Referring expression grounding data:

↓↓↓

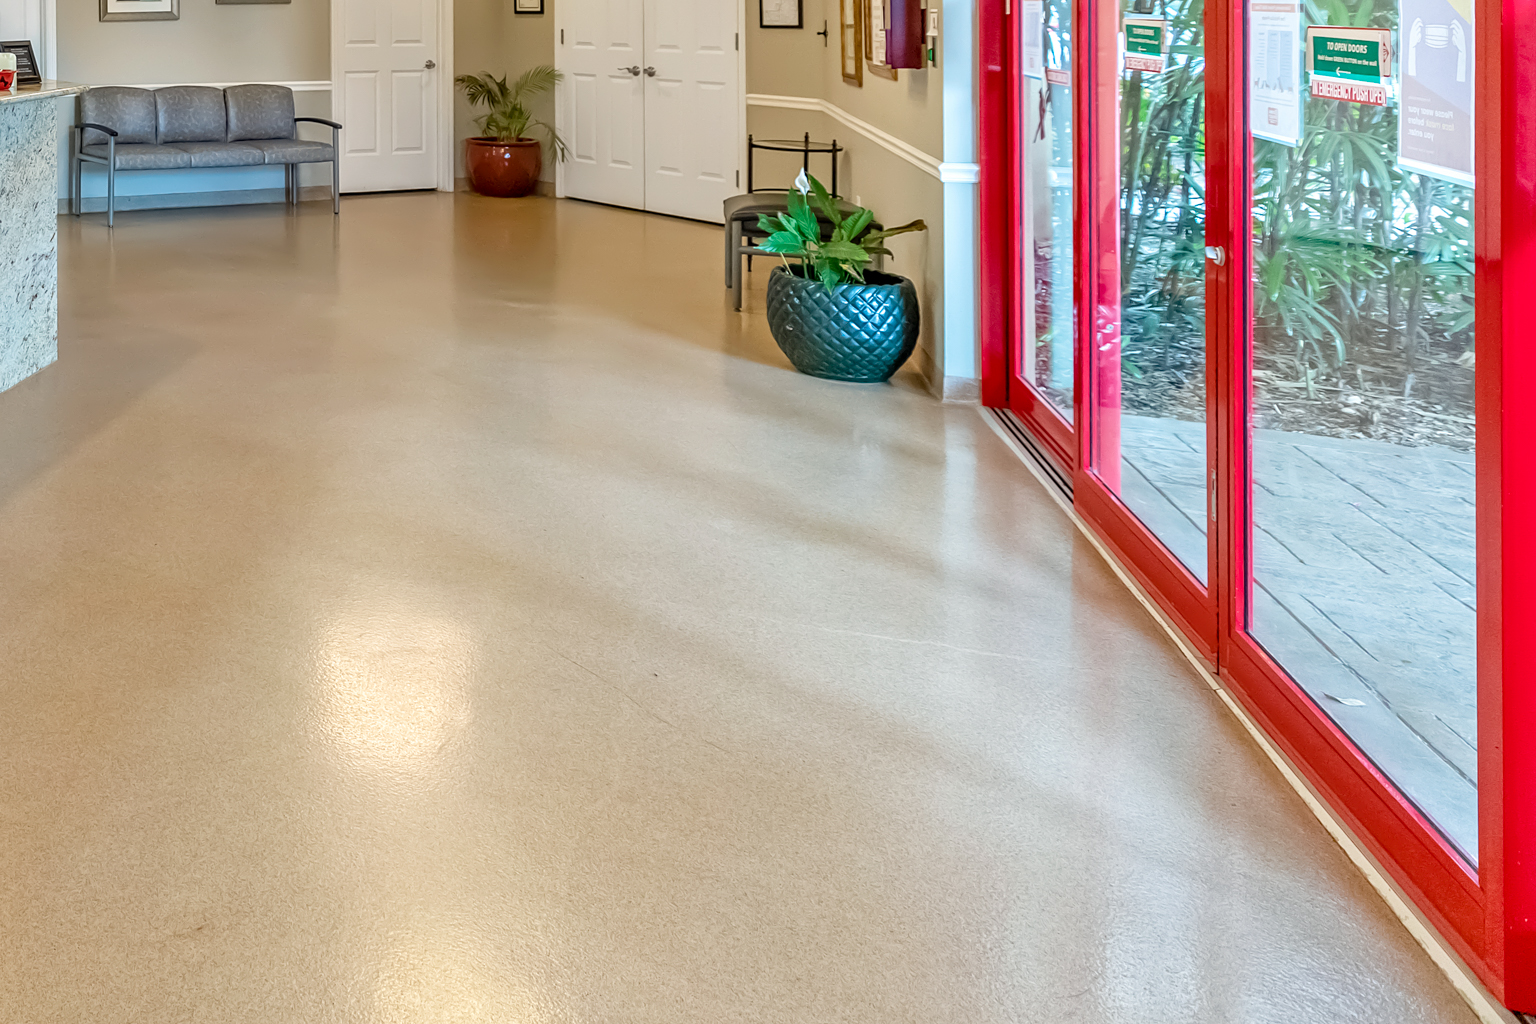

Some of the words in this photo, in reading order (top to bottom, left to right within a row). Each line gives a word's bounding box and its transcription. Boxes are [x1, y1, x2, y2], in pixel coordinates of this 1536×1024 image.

[1327, 42, 1333, 50] TO
[1334, 43, 1347, 52] OPEN
[1348, 44, 1368, 54] DOORS
[1319, 82, 1351, 100] EMERGENCY
[1352, 87, 1368, 102] PUSH
[1369, 90, 1386, 104] OPEN
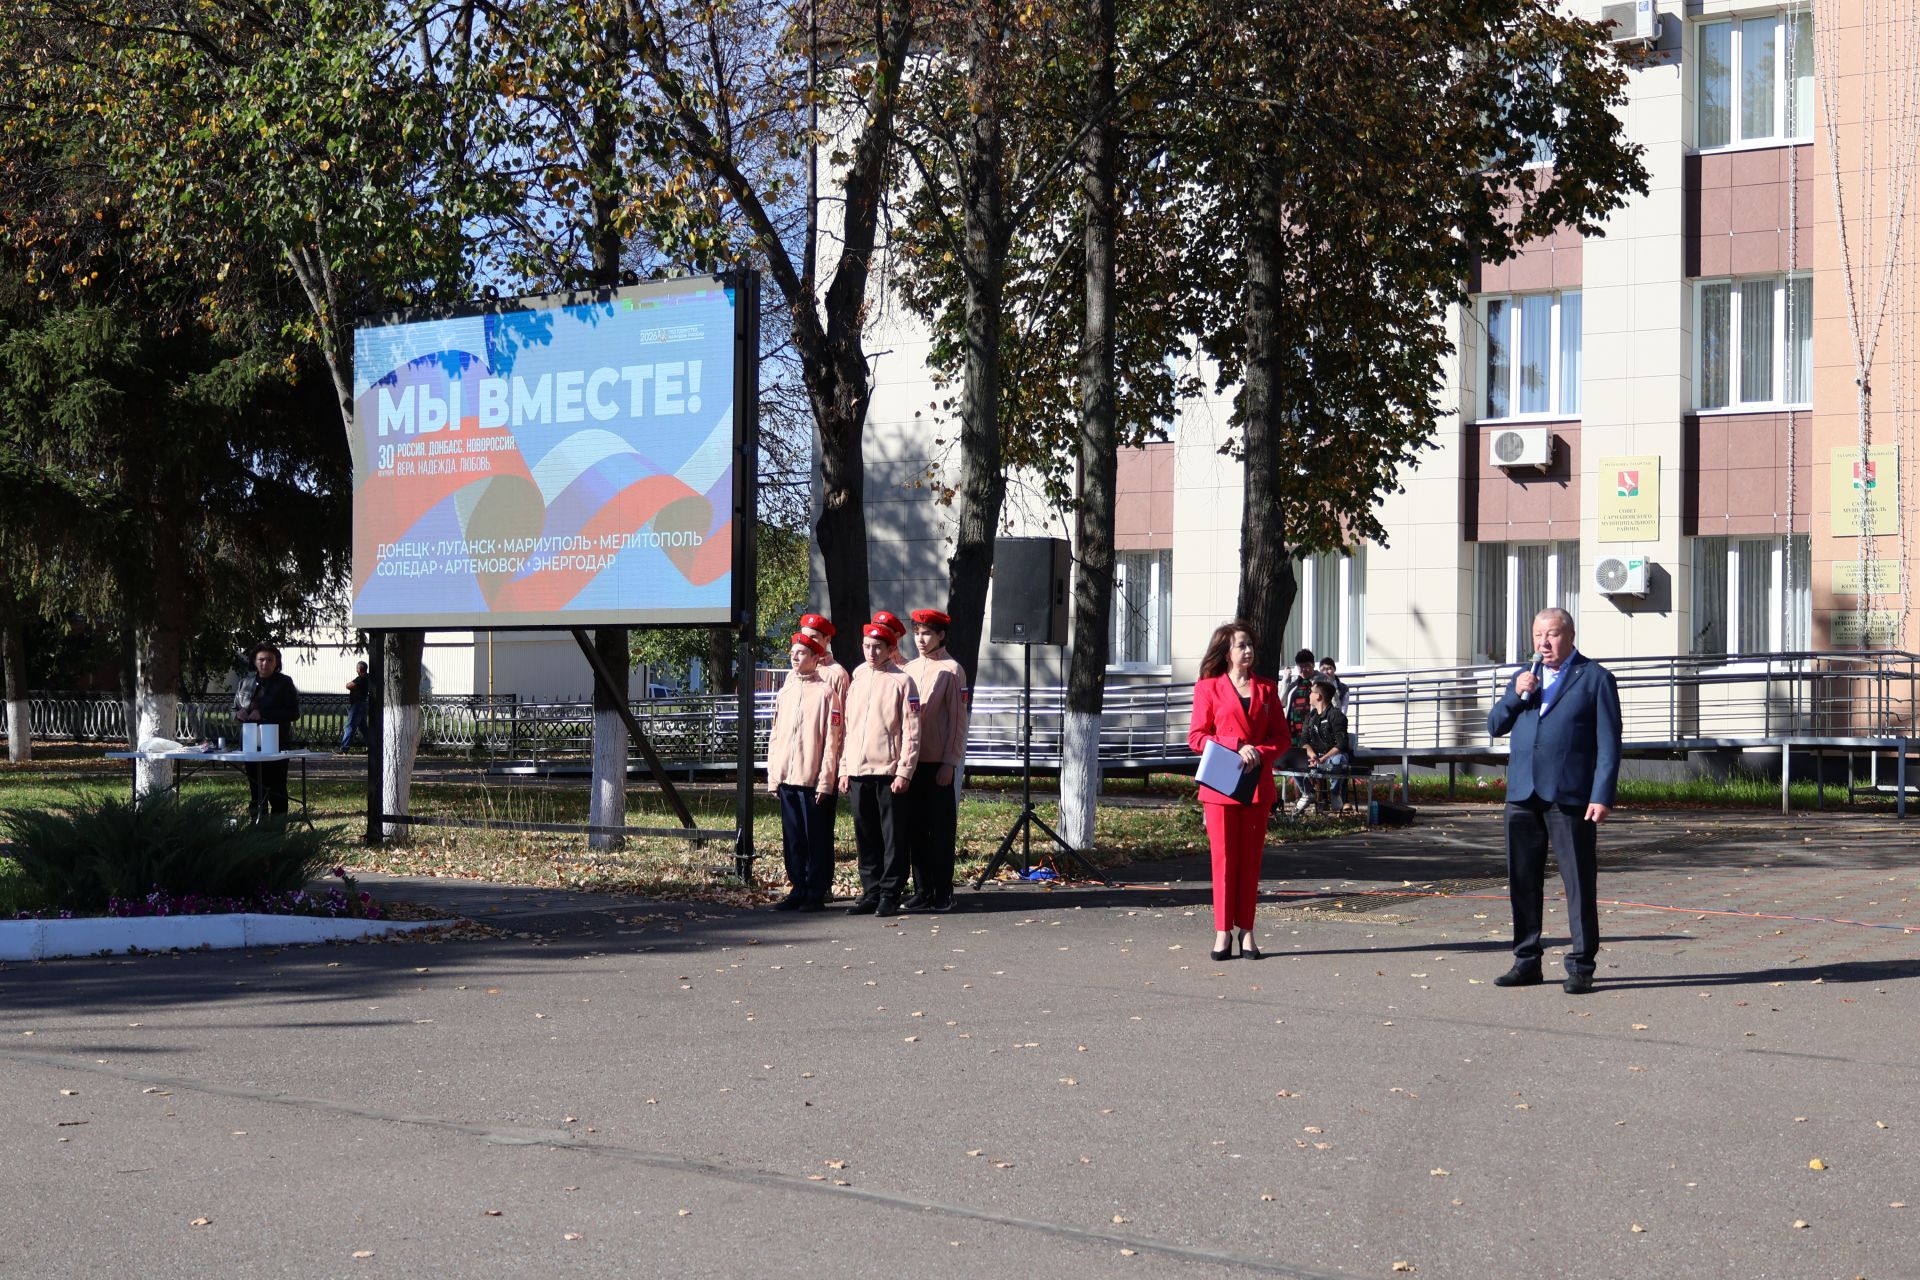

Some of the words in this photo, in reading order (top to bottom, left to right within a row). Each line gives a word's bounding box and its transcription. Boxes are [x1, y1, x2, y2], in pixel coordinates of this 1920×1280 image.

[378, 380, 461, 437] МЫ
[479, 360, 703, 430] ВМЕСТЕ!
[378, 444, 395, 470] 30
[397, 441, 427, 458] РОССИЯ.
[428, 438, 465, 456] ДОНБАСС.
[466, 435, 517, 453] НОВОРОССИЯ.
[397, 460, 417, 477] ВЕРА.
[418, 457, 458, 476] НАДЕЖДА.

↑↑↑

_TASK INSTRUCTIONS:_ Please copy only the lines from the one with "this 1920×1280 image." through the final line of the records above, both ends included.

_ANSWER TO THIS PROBLEM:_
Some of the words in this photo, in reading order (top to bottom, left to right within a row). Each line gives a word's bounding box and its transcription. Boxes are [x1, y1, x2, y2], in pixel coordinates of this 1920×1280 image.

[378, 380, 461, 437] МЫ
[479, 360, 703, 430] ВМЕСТЕ!
[378, 444, 395, 470] 30
[397, 441, 427, 458] РОССИЯ.
[428, 438, 465, 456] ДОНБАСС.
[466, 435, 517, 453] НОВОРОССИЯ.
[397, 460, 417, 477] ВЕРА.
[418, 457, 458, 476] НАДЕЖДА.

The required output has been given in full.